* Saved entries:
⟨

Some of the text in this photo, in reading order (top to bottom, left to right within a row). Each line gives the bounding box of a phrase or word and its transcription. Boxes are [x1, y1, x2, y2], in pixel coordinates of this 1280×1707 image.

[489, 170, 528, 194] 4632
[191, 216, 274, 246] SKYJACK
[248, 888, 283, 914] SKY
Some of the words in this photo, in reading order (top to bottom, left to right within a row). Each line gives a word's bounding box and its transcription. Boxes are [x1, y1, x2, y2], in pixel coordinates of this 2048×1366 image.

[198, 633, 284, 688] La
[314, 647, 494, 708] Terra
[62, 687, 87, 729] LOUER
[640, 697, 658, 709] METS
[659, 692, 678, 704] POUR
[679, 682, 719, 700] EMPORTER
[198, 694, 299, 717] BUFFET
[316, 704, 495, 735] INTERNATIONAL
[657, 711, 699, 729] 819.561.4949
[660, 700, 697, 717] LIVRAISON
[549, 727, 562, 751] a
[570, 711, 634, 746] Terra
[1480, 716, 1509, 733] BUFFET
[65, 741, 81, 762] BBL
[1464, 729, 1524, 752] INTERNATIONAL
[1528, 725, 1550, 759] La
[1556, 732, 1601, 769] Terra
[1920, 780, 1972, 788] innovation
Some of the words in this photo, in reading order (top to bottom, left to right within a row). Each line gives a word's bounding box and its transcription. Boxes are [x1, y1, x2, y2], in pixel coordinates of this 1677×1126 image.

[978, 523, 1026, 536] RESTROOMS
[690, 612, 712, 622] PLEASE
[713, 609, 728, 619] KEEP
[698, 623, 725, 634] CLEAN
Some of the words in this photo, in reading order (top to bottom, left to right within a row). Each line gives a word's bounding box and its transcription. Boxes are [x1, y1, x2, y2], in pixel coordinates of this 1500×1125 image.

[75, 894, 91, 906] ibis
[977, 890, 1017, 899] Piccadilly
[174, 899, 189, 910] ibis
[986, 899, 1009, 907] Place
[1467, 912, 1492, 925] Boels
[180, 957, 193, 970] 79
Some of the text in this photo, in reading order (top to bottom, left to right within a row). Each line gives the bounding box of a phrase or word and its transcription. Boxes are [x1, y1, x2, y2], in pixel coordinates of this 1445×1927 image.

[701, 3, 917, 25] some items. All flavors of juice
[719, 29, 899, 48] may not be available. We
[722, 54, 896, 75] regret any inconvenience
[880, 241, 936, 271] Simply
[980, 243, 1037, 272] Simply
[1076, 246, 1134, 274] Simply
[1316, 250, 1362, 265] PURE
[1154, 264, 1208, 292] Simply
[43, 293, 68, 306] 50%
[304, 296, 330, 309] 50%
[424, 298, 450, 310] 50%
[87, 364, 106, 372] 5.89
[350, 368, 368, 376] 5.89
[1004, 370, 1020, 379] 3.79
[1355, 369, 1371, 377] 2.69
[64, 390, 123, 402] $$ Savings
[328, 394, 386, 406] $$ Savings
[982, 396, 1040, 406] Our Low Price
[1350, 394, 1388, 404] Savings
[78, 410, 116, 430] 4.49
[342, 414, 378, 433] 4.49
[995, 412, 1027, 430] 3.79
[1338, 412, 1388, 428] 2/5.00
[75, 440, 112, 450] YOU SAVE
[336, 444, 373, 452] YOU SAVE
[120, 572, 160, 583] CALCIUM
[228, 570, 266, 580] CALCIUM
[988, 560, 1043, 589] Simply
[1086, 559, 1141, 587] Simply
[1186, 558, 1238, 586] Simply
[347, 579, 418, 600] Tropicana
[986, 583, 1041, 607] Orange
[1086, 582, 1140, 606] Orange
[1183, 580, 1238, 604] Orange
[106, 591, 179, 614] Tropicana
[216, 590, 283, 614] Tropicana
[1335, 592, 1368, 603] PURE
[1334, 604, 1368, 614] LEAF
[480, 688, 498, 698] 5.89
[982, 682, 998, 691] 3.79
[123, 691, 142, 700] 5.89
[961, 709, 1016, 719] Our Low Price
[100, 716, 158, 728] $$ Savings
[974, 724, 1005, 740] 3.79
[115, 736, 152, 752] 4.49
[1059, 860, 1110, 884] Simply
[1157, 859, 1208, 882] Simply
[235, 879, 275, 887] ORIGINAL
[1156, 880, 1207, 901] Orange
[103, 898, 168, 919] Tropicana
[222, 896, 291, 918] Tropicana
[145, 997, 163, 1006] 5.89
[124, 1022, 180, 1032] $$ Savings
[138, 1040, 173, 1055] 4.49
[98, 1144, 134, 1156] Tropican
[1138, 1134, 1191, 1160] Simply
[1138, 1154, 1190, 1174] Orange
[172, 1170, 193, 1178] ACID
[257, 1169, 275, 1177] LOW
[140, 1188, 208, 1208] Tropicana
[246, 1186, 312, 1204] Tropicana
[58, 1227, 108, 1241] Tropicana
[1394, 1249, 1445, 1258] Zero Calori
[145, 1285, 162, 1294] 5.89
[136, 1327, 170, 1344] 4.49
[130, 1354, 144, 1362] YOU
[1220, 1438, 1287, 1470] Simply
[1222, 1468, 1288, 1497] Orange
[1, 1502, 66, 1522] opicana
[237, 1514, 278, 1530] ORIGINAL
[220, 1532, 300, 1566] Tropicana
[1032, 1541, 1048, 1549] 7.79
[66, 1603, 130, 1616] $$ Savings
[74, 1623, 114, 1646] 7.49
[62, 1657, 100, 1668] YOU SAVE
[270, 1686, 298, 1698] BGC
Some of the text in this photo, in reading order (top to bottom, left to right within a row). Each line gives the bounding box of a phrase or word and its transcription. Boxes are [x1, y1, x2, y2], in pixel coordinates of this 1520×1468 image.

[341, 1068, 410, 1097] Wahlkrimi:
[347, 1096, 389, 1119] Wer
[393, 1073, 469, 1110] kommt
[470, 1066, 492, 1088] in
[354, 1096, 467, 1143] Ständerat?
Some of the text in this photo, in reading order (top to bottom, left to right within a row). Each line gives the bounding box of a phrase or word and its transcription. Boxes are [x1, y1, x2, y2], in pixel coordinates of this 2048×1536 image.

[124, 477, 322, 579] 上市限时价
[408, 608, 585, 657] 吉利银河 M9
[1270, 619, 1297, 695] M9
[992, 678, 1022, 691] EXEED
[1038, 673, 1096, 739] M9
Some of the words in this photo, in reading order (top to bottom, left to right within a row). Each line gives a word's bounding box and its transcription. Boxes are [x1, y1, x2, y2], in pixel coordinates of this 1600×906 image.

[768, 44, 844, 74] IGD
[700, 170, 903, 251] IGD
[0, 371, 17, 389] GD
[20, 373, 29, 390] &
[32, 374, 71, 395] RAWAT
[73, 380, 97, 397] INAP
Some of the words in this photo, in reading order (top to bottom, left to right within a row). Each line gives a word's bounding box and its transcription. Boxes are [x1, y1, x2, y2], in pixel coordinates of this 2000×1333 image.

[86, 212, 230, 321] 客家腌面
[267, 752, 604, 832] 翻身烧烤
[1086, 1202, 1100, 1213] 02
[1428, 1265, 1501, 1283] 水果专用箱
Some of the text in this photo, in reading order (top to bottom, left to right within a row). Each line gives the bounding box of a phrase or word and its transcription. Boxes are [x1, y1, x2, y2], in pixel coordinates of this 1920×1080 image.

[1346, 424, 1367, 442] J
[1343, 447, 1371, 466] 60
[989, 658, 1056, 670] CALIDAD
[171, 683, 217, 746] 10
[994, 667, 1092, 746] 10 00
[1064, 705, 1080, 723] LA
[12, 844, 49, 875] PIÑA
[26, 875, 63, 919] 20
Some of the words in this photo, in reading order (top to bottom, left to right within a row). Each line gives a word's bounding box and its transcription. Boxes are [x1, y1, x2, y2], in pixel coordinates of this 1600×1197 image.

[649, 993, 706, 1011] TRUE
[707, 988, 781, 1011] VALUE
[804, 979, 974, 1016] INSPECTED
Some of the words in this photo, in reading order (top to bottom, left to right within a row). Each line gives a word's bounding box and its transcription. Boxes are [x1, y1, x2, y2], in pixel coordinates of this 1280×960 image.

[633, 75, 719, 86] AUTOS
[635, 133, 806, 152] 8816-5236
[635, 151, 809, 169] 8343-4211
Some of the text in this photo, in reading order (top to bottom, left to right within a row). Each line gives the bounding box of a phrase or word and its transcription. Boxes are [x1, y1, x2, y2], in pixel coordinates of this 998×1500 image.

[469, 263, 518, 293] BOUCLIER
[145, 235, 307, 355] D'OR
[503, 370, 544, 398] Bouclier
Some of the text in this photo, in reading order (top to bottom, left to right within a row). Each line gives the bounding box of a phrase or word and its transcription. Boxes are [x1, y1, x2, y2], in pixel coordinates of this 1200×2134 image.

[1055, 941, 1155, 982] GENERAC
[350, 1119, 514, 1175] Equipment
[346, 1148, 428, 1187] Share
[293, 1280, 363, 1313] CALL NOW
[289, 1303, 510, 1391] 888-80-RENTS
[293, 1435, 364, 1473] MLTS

⟩

* What you will do:
Each line from the one holding "this 998×1500 image." through the last line of the data is to be transcribed exactly, with nothing else added.

* Task result:
Some of the text in this photo, in reading order (top to bottom, left to right within a row). Each line gives the bounding box of a phrase or word and its transcription. Boxes are [x1, y1, x2, y2], in pixel coordinates of this 998×1500 image.

[469, 263, 518, 293] BOUCLIER
[145, 235, 307, 355] D'OR
[503, 370, 544, 398] Bouclier
Some of the text in this photo, in reading order (top to bottom, left to right within a row). Each line gives the bounding box of a phrase or word and its transcription. Boxes are [x1, y1, x2, y2], in pixel coordinates of this 1200×2134 image.

[1055, 941, 1155, 982] GENERAC
[350, 1119, 514, 1175] Equipment
[346, 1148, 428, 1187] Share
[293, 1280, 363, 1313] CALL NOW
[289, 1303, 510, 1391] 888-80-RENTS
[293, 1435, 364, 1473] MLTS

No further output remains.